Cinquante ans de contraception légale en France : diffusion, médicalisation, féminisation

Il y a cinquante ans, le 19 décembre 1967, en réponse à une forte mobilisation du Mouvement français pour le planning familial, le député Lucien Neuwirth faisait adopter par l’Assemblée nationale une loi autorisant la vente et l’usage des méthodes de contraception en France.

Une loi qui met fin à une interdiction

Au cours du XVIIIe siècle, les comportements procréatifs changent en France. Les couples cherchent à maîtriser leur descendance et pour ce faire ils ont massivement recours au retrait. La baisse de la natalité, observée par les contemporains inquiète puisque ce n’est pas le cas dans les pays limitrophes. La défaite de 1871 face à la Prusse, puis la Première Guerre mondiale donnent davantage de poids aux discours natalistes qui préconisent de « repeupler » la France. Cette peur de la « dépopulation française » connait son apogée le 31 juillet 1920, lorsque le Parlement adopte une loi interdisant la propagande et la vente des procédés anticonceptionnels.

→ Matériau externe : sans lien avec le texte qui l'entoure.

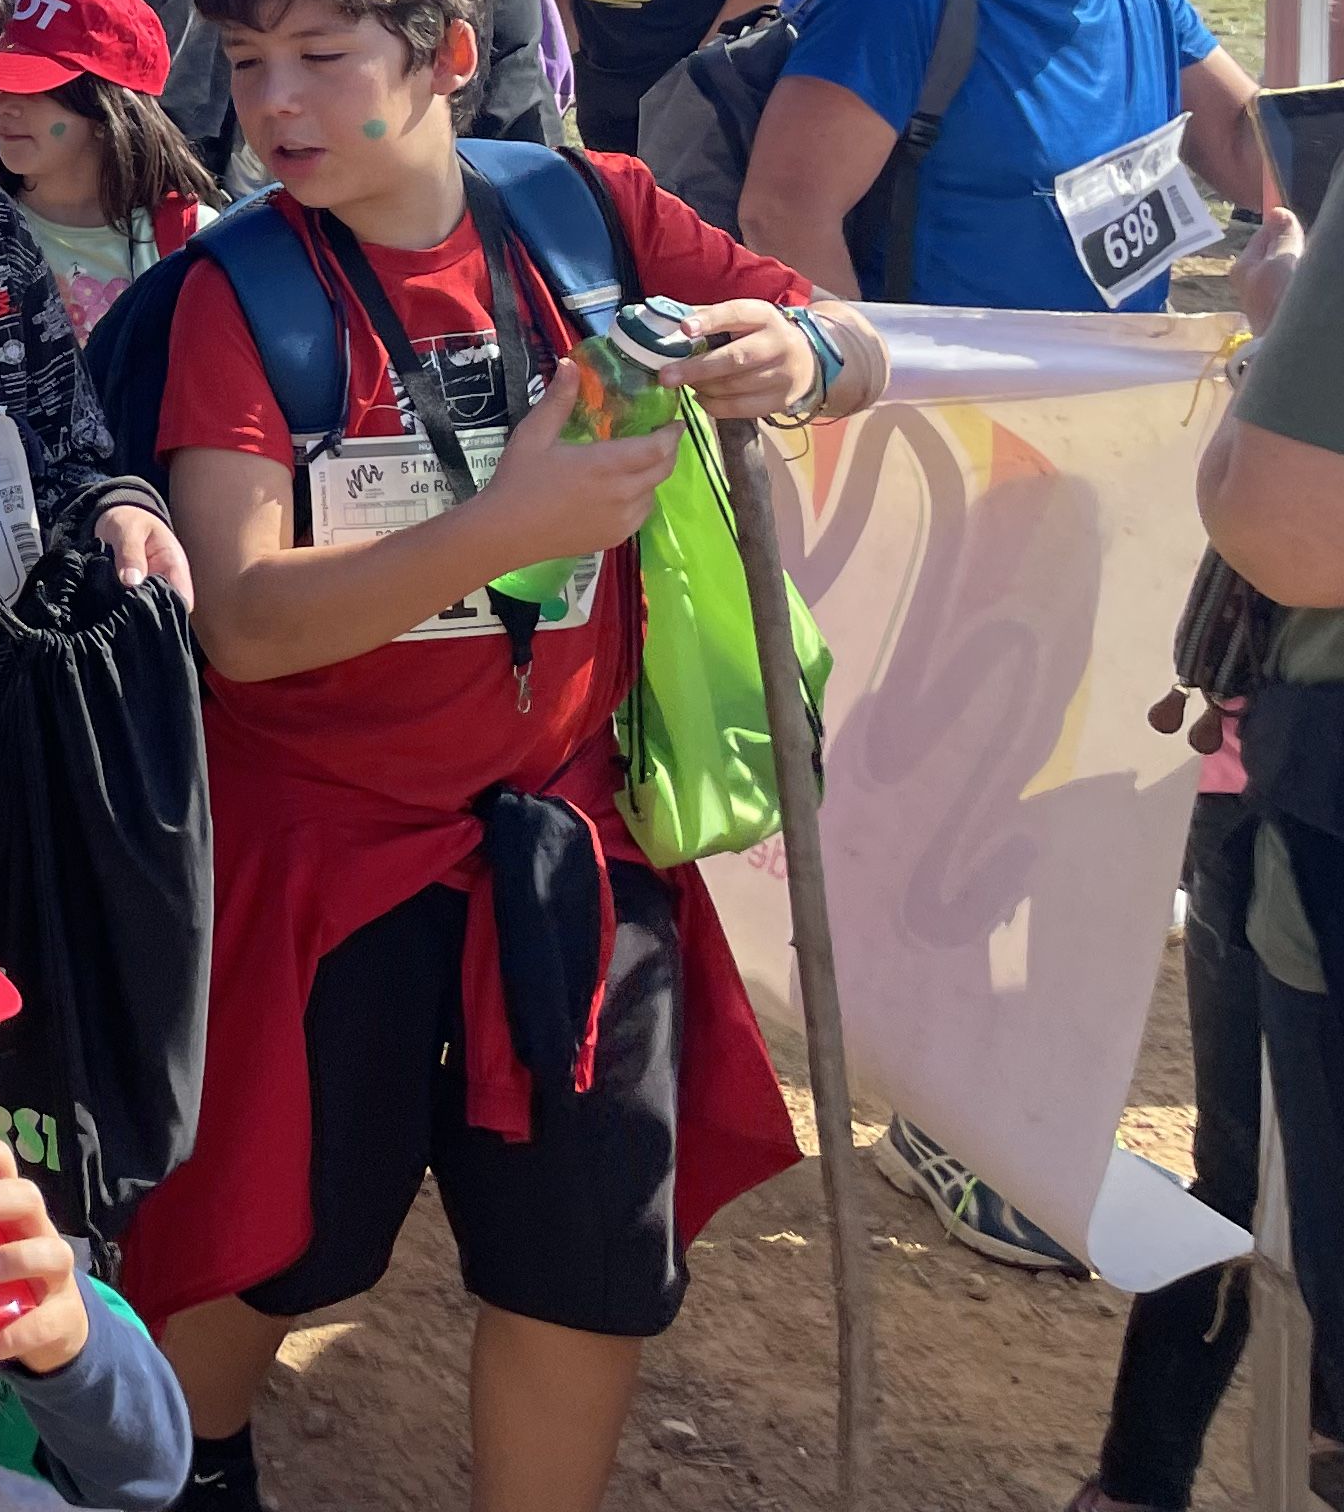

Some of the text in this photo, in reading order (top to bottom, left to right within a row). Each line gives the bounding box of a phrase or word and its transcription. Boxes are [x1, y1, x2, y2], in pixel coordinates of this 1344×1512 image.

[1103, 200, 1159, 270] 698
[400, 460, 418, 475] 51
[410, 479, 431, 495] de

Après la légalisation, la diffusion de la pilule et du DIU

La loi Neuwirth, en légalisant l’accès aux méthodes anticonceptionnelles, a rendu possible la diffusion de la pilule et du DIU au sein de la population et conduit à la médicalisation de la contraception. Ainsi, d’une contraception « traditionnelle » de couple, on est passé à une contraception médicale et féminine. D’un statut d’illégalité et d’illégitimité, le recours aux méthodes anticonceptionnelles est devenu légal et fortement normé. L’usage de la contraception est aujourd’hui marqué par une norme qui prescrit le recours au préservatif en début de vie sexuelle, puis à la pilule dès que les individus sont dans une relation dite stable, et enfin par l’usage du DIU une fois que le nombre d’enfants souhaités est atteint. En attribuant une méthode aux femmes selon leur âge et leur situation relationnelle, cette norme limite la possibilité de choisir le contraceptif qui leur convient. Elle renforce également la définition de la responsabilité contraceptive comme principalement, voire exclusivement féminine.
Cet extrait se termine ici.